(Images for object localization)

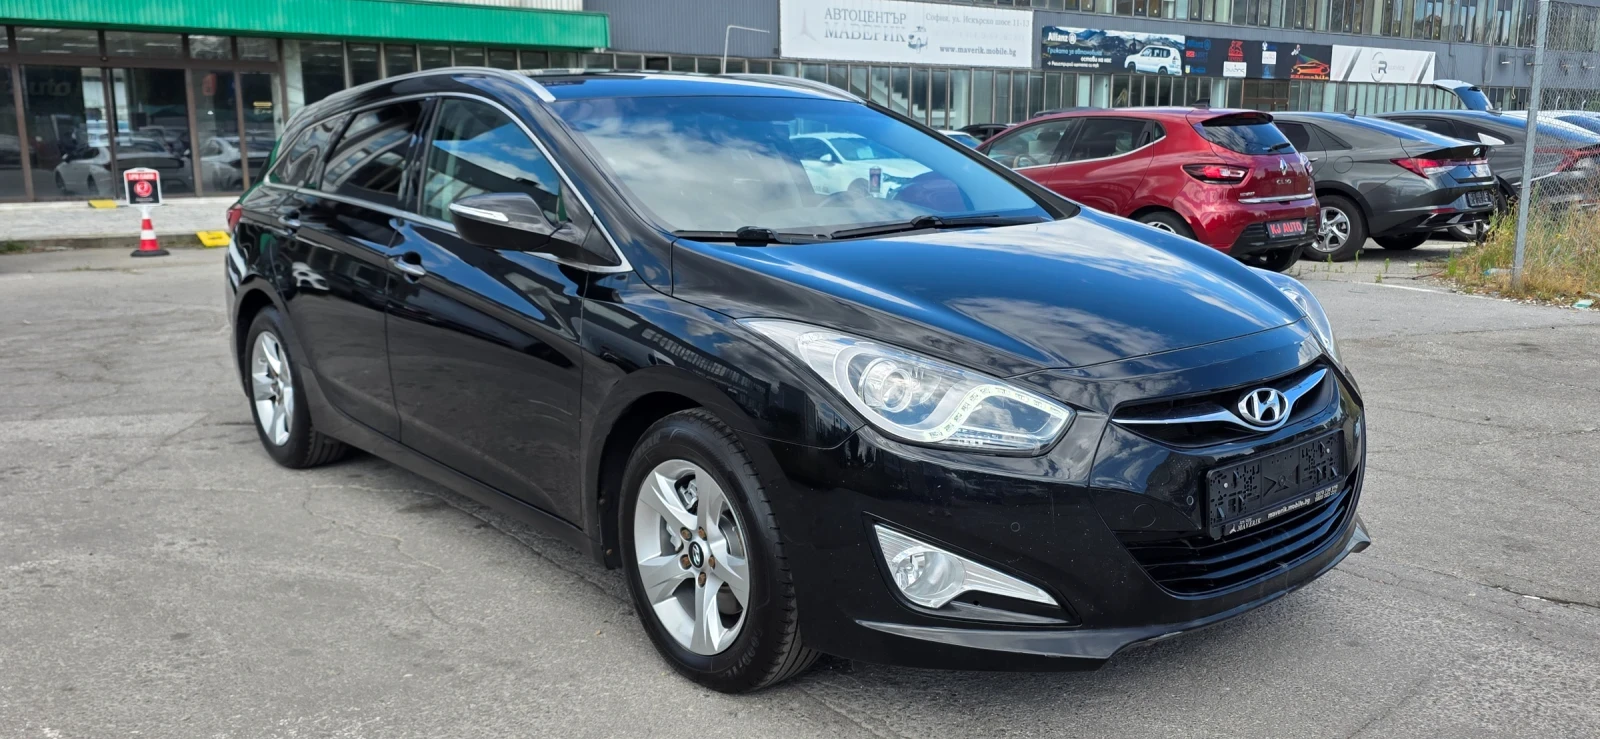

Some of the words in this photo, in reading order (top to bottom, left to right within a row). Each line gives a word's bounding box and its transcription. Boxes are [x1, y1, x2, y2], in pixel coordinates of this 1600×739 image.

[824, 7, 907, 24] АВТОЦЕНТЪР
[925, 13, 950, 23] София,
[952, 16, 961, 25] ул.
[963, 16, 993, 26] Искърско
[824, 21, 906, 42] МАВЕРИК
[1048, 32, 1068, 42] Allianz
[939, 46, 1017, 57] www.maverik.mobile.bg
[1270, 223, 1281, 234] KJ
[1283, 221, 1302, 233] AUTO
[1268, 498, 1310, 519] maverik.mobile.bg
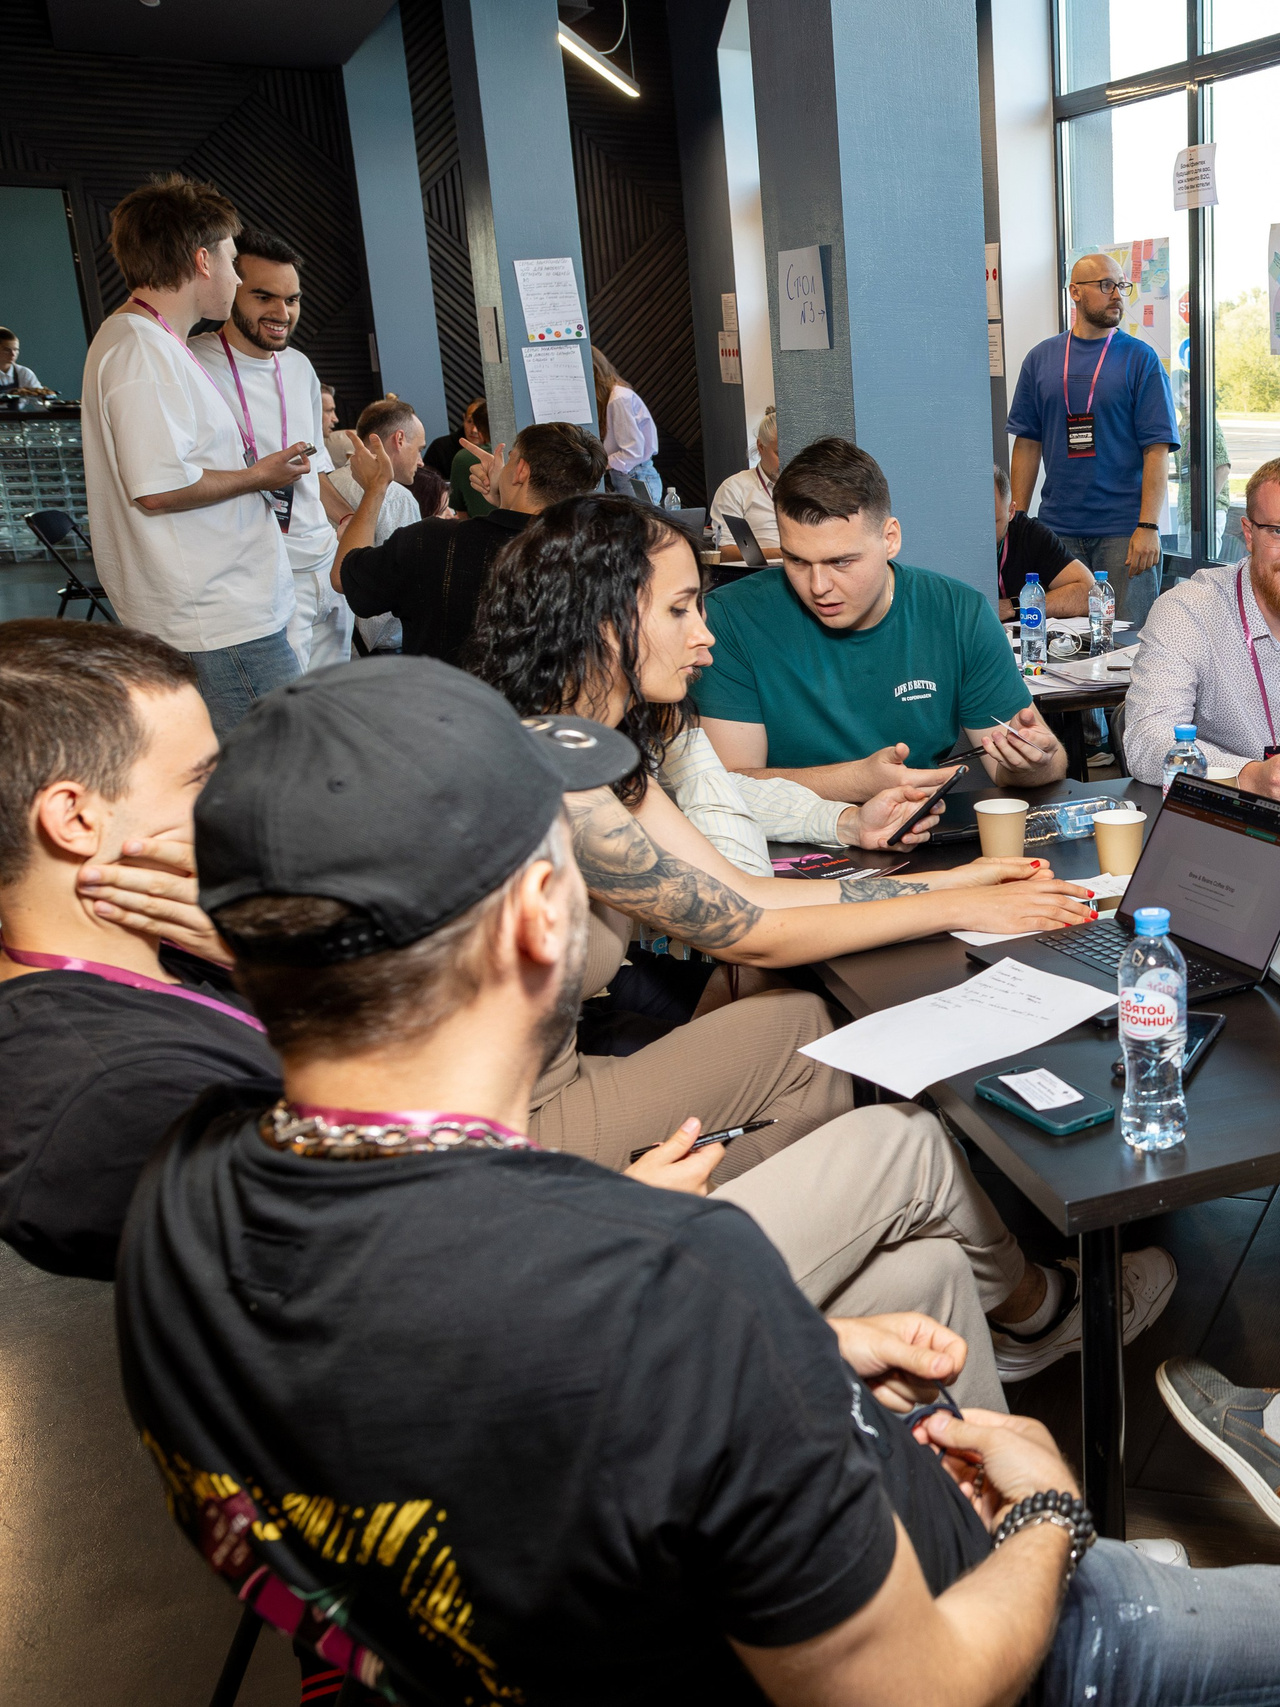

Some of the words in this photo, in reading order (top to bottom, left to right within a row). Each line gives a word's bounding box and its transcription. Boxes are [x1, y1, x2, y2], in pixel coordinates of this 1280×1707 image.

[894, 682, 908, 698] LIFE
[908, 681, 913, 691] IS
[913, 680, 937, 691] BETTER
[1188, 871, 1198, 880] Brew
[1202, 876, 1213, 886] Beans
[1213, 880, 1225, 890] Coffee
[1225, 884, 1235, 893] Shop

## What is expected
When copying the entries, drop the images and keep every line exact.

## Output below
Some of the words in this photo, in reading order (top to bottom, left to right within a row). Each line gives a word's bounding box and its transcription. Boxes are [x1, y1, x2, y2], in pixel coordinates of this 1600×739 image.

[824, 7, 907, 24] АВТОЦЕНТЪР
[925, 13, 950, 23] София,
[952, 16, 961, 25] ул.
[963, 16, 993, 26] Искърско
[824, 21, 906, 42] МАВЕРИК
[1048, 32, 1068, 42] Allianz
[939, 46, 1017, 57] www.maverik.mobile.bg
[1270, 223, 1281, 234] KJ
[1283, 221, 1302, 233] AUTO
[1268, 498, 1310, 519] maverik.mobile.bg

Some of the words in this photo, in reading order (top to bottom, left to right within a row). Each line gives a word's bounding box and its transcription. Boxes are [x1, y1, x2, y2], in pixel coordinates of this 1280×1707 image.

[894, 682, 908, 698] LIFE
[908, 681, 913, 691] IS
[913, 680, 937, 691] BETTER
[1188, 871, 1198, 880] Brew
[1202, 876, 1213, 886] Beans
[1213, 880, 1225, 890] Coffee
[1225, 884, 1235, 893] Shop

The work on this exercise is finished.